What I discovered then, though, was that if I focused enough during the day–many religions and practices call it mindfulness or extended concentration–I could recreate my environs before falling asleep every night. I could recreate not only sights, but also smells, textures, sounds, tastes. I could approximate reality, and I could direct it. Often, my visualizations led to me experiencing an area utterly alone, unaccompanied by an adult.
I can still feel the metal pole with flaking maroon paint that led up the awkwardly spaced stairs to my elementary school.
I can still smell the musty freshness of my narrow bunk in our camper–a space where I learned that sometimes close can be comforting.
I can still see the small sand castles the worms created with their waste, only visible when consistently eye level with the ground looking through the grass blade forests.

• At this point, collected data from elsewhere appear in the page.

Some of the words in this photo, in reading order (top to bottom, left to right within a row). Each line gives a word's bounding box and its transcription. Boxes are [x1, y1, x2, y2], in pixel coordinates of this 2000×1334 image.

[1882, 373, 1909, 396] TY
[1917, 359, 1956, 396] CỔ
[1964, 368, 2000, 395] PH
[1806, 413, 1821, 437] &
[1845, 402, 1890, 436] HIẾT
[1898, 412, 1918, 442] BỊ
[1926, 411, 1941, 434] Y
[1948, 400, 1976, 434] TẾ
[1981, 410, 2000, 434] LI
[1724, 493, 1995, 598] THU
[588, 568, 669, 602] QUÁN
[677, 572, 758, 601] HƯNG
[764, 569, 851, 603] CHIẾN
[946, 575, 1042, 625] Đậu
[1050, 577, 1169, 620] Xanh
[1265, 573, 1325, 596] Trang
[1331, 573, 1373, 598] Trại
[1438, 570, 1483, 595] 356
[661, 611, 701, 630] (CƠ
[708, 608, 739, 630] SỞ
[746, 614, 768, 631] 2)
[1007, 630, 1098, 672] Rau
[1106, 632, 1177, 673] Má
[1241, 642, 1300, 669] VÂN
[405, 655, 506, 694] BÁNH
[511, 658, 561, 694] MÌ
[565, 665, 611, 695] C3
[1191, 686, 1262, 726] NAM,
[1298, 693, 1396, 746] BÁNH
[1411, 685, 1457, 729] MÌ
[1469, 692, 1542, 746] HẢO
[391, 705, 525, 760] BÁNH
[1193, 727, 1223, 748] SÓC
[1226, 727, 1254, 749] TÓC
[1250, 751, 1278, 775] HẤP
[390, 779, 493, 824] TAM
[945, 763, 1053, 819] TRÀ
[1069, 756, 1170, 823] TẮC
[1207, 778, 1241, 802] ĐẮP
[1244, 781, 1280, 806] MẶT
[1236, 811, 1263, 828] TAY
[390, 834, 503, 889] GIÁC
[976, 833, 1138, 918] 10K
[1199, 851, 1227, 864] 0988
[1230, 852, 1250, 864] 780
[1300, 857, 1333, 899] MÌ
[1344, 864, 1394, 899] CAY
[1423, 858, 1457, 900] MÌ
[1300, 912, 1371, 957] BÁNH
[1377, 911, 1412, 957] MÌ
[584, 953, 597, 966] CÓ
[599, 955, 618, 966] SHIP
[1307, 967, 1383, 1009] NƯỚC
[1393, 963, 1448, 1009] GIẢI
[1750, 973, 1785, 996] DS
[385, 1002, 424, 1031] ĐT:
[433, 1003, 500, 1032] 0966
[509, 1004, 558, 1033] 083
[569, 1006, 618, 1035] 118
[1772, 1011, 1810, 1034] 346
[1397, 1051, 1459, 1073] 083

I grew up on dreaming escape.
But now, I dream escape to places both real and imagined, except I can make my imagined placed real. When I desperately yearned to be out of college apartment housing, I walked my dream house hundreds of times. I knew the bedroom carpet, the corner in the garage where the spiders held their congress, the under-performing garden in the back. I harvested my doubtful bounty.

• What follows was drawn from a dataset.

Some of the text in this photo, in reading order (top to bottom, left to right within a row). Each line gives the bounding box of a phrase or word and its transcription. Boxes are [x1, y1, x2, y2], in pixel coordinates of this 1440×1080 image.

Lately I’ve been dreaming of land. As I approach it from the road access point, I can see tall scrub brush at the foot of towering pines. There are some low lying areas not too far to the right, behind the first gathering of trees; we’ll want to proceed cautiously because we’ve had a few days of rain. A squirrel chatters aggressively at my intrusion, and I obliquely apologize. I want to build a life here, a house, perhaps. Welcome anarchist scholars from around the world to visit my library barn that will be just over there on that rise to think and talk and learn. I can smell the fresh cut wood, see the shelves and shelves of books I will ship in, run my hands along their spines. The dark head of an eminent scholar over there, looking up from his reading to consider and sip good, dark coffee.
But so much detail is tiring. It’s tiring to build such a perfect life in lifetime, let alone in an hour as day turns to night.

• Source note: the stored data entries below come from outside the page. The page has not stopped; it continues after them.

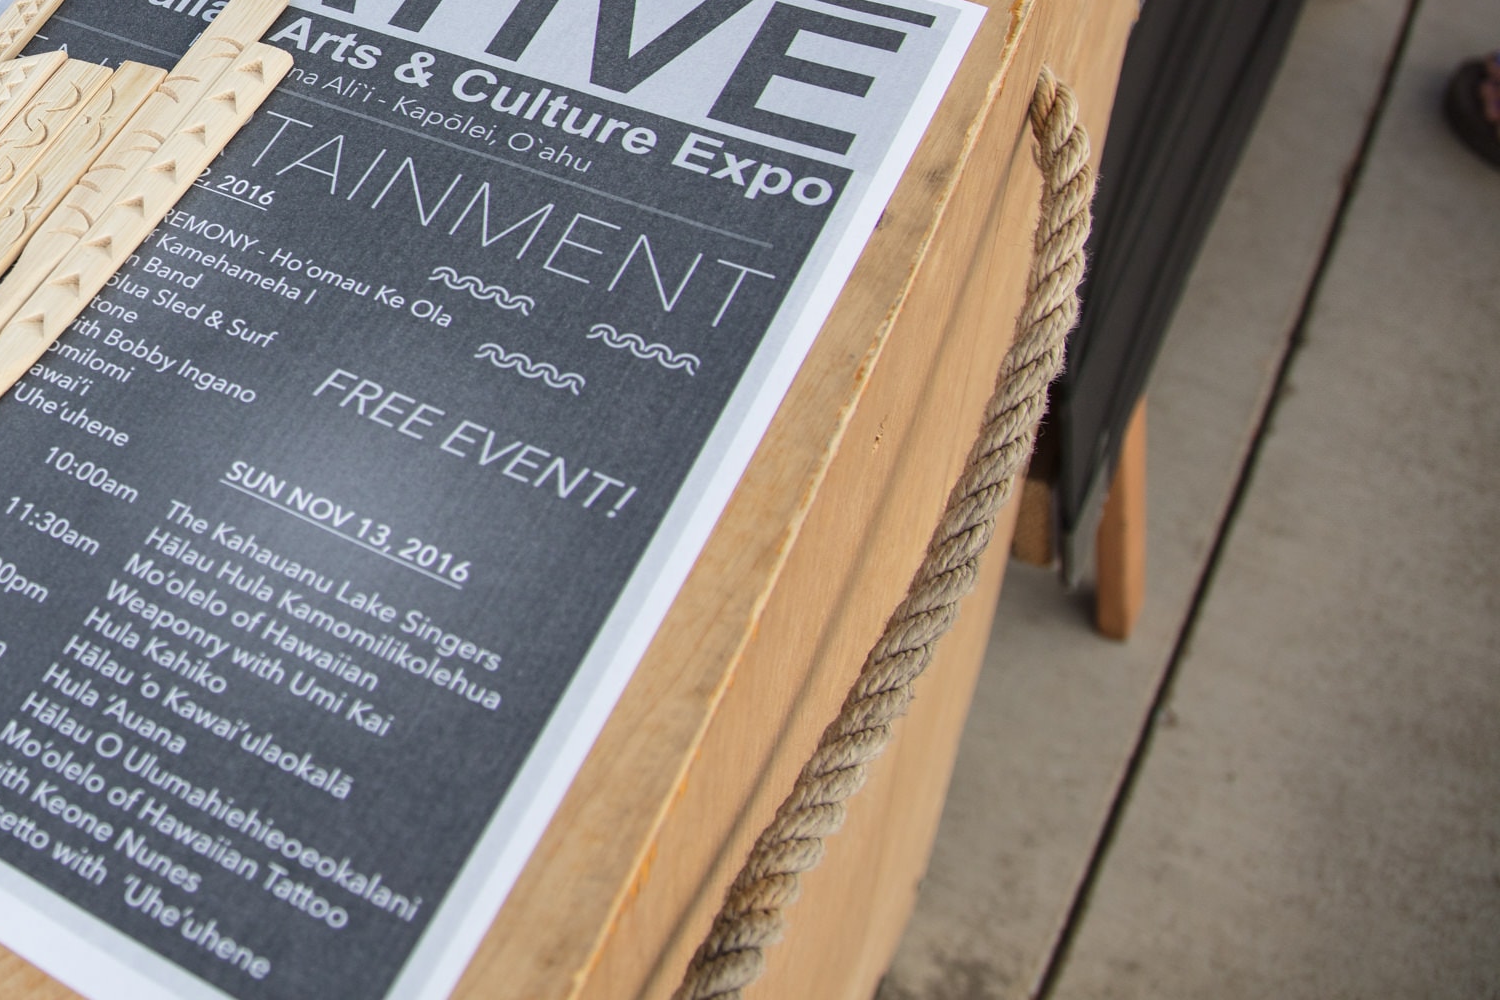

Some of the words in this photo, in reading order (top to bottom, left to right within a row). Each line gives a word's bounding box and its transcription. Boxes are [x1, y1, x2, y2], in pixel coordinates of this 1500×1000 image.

[268, 16, 383, 71] Arts
[393, 50, 437, 89] &
[451, 68, 658, 155] Culture
[671, 131, 834, 207] Expo
[391, 94, 499, 146] Kapōlei,
[217, 175, 277, 207] 2016
[252, 110, 777, 328] TAINMENT
[89, 294, 139, 325] tone
[107, 272, 150, 300] ōlua
[153, 287, 206, 321] Sled
[204, 309, 224, 331] &
[226, 316, 280, 349] Surf
[143, 254, 204, 291] Band
[156, 232, 301, 301] Kamehameha
[163, 207, 260, 254] REMONY
[374, 285, 405, 308] Ke
[410, 298, 453, 329] Ola
[29, 361, 94, 397] awai'i
[47, 338, 136, 384] omilomi
[72, 315, 102, 340] ith
[103, 326, 178, 373] Bobby
[177, 358, 257, 404] Ingano
[44, 445, 139, 504] 10:00am
[312, 367, 447, 440] FREE
[440, 419, 638, 519] EVENT!
[4, 495, 101, 556] 11:30am
[226, 460, 287, 499] SUN
[285, 485, 355, 529] NOV
[357, 516, 393, 554] 13,
[398, 537, 473, 584] 2016
[144, 525, 216, 574] Hālau
[216, 559, 276, 604] Hula
[277, 588, 502, 712] Kamomilikolehua
[165, 498, 210, 535] The
[209, 523, 335, 594] Kahauanu
[335, 580, 399, 625] Lake
[400, 608, 504, 673] Singers
[41, 662, 100, 708] Hula
[62, 634, 135, 687] Hālau
[83, 606, 142, 650] Hula
[141, 635, 230, 695] Kahiko
[105, 578, 232, 658] Weaponry
[231, 643, 286, 685] with
[288, 669, 348, 714] Umi
[346, 697, 396, 738] Kai
[231, 604, 263, 633] of
[261, 620, 381, 692] Hawaiian
[19, 690, 94, 745] Hālau
[94, 732, 124, 759] O
[121, 745, 424, 923] Ulumahiehieoeokalani
[29, 780, 116, 844] Keone
[113, 826, 204, 895] Nunes
[51, 837, 110, 885] with
[106, 784, 142, 812] of
[137, 796, 260, 881] Hawaiian
[262, 862, 350, 931] Tattoo

And it’s tiring to return to a world where I can’t really escape. My dreams all revolve around isolation, a carousel of single horses with a haunting tinny tune. I’ve come to the realization lately that not only can I not separate myself from the world to live my life, if I would do so, it would not be my life. I’m in too deep. I can’t quit now; organizing and political analysis has seeped into my bones. It has made them strong, yet fragile. I can’t live without new injections every so often.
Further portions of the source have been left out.